Could you print all the entries below exactly as they appear, omitting the pictures?
++++ Source data ++++
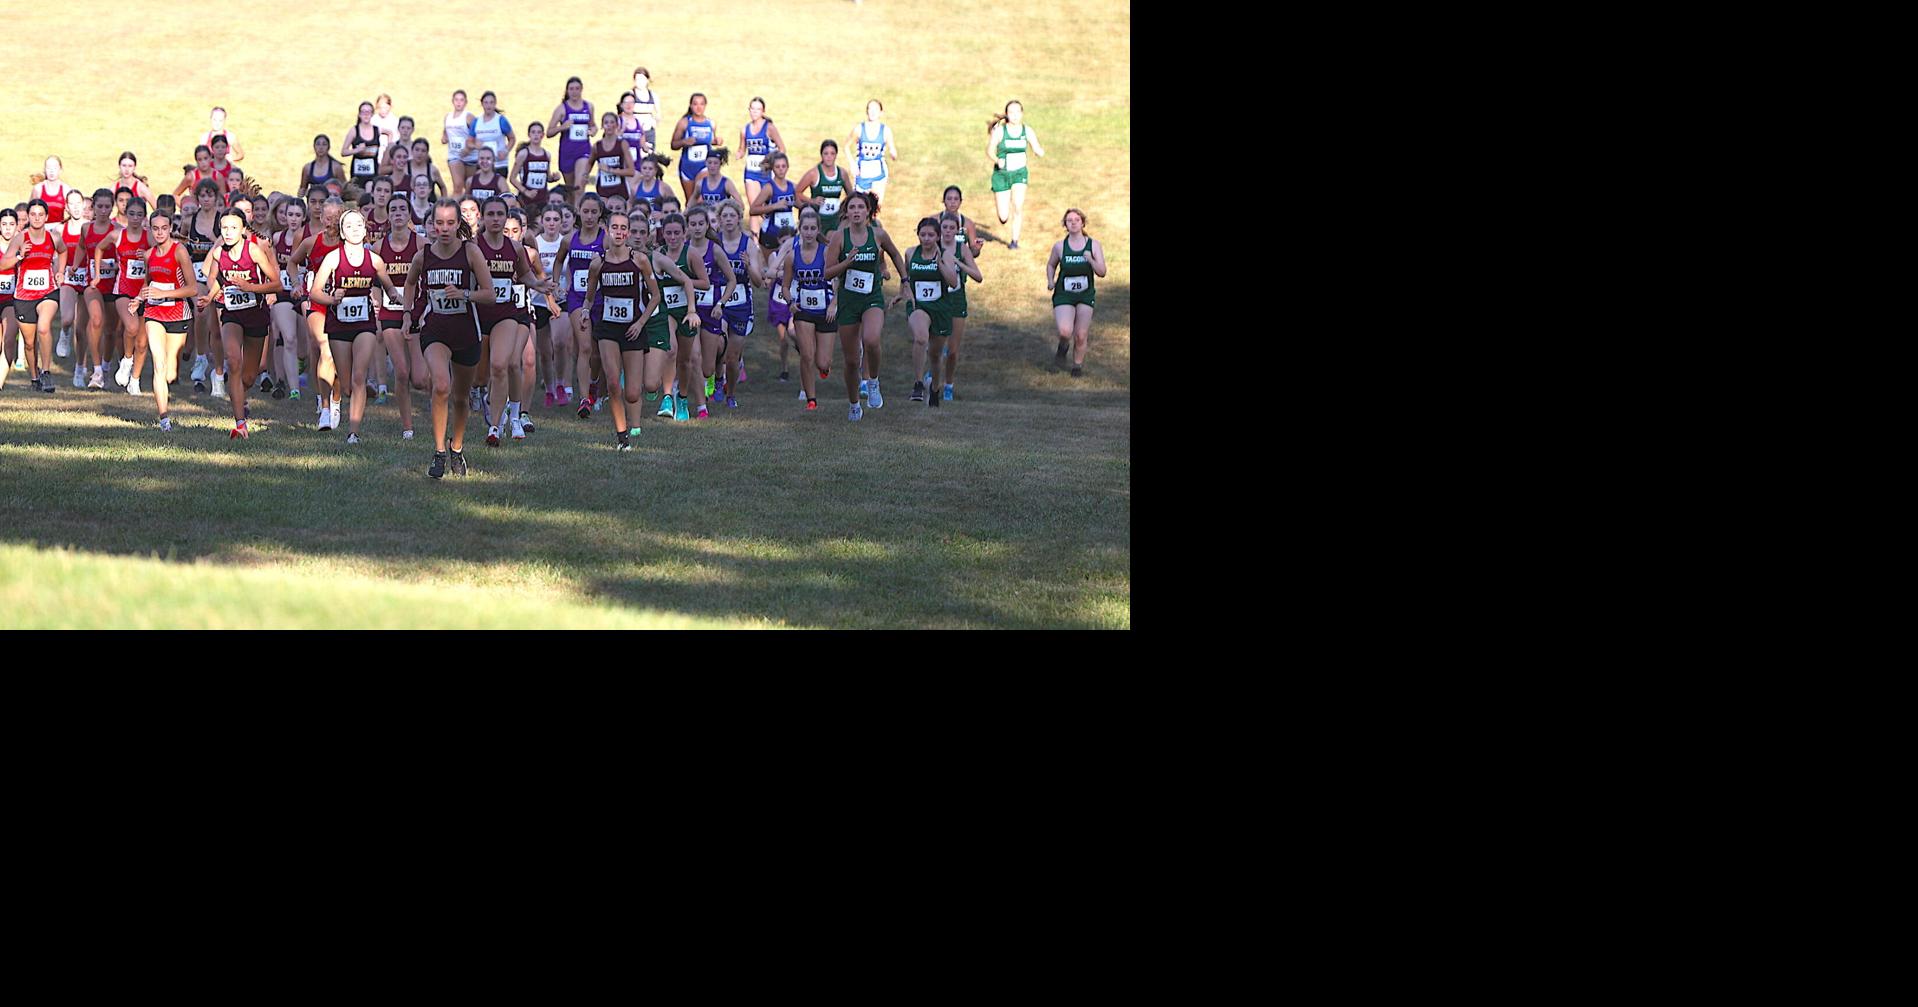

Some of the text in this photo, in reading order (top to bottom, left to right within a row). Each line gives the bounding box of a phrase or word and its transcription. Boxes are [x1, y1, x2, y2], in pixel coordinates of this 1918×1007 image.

[604, 174, 617, 183] 137
[825, 203, 835, 211] 34
[845, 252, 876, 261] TCONIC
[487, 260, 514, 273] ENOX
[911, 262, 938, 271] TACONIC
[27, 276, 45, 286] 268
[69, 273, 85, 282] 269
[427, 269, 462, 285] MONUMENT
[601, 271, 634, 286] MONUMENT
[341, 277, 372, 288] LENOX
[852, 277, 865, 289] 35
[1071, 282, 1082, 290] 28
[923, 288, 934, 297] 37
[229, 292, 250, 305] 203
[666, 294, 679, 304] 32
[806, 296, 818, 306] 98
[343, 305, 364, 317] 197
[609, 305, 628, 318] 138
++++
Written solution:
Some of the text in this photo, in reading order (top to bottom, left to right within a row). Each line gives the bounding box of a phrase or word and its transcription. Boxes are [x1, y1, x2, y2], in pixel coordinates of this 1918×1007 image.

[604, 174, 617, 183] 137
[825, 203, 835, 211] 34
[845, 252, 876, 261] TCONIC
[487, 260, 514, 273] ENOX
[911, 262, 938, 271] TACONIC
[27, 276, 45, 286] 268
[69, 273, 85, 282] 269
[427, 269, 462, 285] MONUMENT
[601, 271, 634, 286] MONUMENT
[341, 277, 372, 288] LENOX
[852, 277, 865, 289] 35
[1071, 282, 1082, 290] 28
[923, 288, 934, 297] 37
[229, 292, 250, 305] 203
[666, 294, 679, 304] 32
[806, 296, 818, 306] 98
[343, 305, 364, 317] 197
[609, 305, 628, 318] 138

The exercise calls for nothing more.